WHAT THE EXERCISE ASKS: Please restate word for word the line holding "this 1250×1875 image." and every following line through the end of the entries.

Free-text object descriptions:
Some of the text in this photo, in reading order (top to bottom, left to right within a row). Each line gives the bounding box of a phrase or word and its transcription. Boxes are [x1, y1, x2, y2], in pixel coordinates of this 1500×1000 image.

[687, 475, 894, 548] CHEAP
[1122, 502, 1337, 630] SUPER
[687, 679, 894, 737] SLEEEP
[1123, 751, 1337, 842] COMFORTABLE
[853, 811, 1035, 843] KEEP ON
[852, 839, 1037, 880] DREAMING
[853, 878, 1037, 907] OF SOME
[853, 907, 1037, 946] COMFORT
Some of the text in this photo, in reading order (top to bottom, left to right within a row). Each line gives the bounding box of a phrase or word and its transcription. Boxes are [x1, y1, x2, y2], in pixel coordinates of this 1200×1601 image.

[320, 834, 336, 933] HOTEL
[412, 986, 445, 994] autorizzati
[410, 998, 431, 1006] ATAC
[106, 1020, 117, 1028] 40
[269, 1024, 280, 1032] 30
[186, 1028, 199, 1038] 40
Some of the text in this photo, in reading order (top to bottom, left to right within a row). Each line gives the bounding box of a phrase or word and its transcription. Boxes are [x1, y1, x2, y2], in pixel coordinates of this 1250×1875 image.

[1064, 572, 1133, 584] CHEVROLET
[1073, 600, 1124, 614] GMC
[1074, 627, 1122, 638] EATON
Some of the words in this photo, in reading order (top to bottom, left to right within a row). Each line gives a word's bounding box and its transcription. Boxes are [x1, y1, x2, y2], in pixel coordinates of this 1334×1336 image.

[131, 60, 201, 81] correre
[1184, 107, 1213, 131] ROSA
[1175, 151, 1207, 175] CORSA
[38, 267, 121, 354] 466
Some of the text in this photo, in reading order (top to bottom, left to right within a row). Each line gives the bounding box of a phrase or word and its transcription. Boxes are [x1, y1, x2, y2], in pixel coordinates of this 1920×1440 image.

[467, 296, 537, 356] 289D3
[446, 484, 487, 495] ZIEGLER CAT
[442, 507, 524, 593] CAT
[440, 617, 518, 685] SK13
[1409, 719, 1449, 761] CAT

RESULT FOR THIS EXERCISE:
Some of the text in this photo, in reading order (top to bottom, left to right within a row). Each line gives the bounding box of a phrase or word and its transcription. Boxes are [x1, y1, x2, y2], in pixel coordinates of this 1250×1875 image.

[1064, 572, 1133, 584] CHEVROLET
[1073, 600, 1124, 614] GMC
[1074, 627, 1122, 638] EATON
Some of the words in this photo, in reading order (top to bottom, left to right within a row). Each line gives a word's bounding box and its transcription. Boxes are [x1, y1, x2, y2], in pixel coordinates of this 1334×1336 image.

[131, 60, 201, 81] correre
[1184, 107, 1213, 131] ROSA
[1175, 151, 1207, 175] CORSA
[38, 267, 121, 354] 466
Some of the text in this photo, in reading order (top to bottom, left to right within a row). Each line gives the bounding box of a phrase or word and its transcription. Boxes are [x1, y1, x2, y2], in pixel coordinates of this 1920×1440 image.

[467, 296, 537, 356] 289D3
[446, 484, 487, 495] ZIEGLER CAT
[442, 507, 524, 593] CAT
[440, 617, 518, 685] SK13
[1409, 719, 1449, 761] CAT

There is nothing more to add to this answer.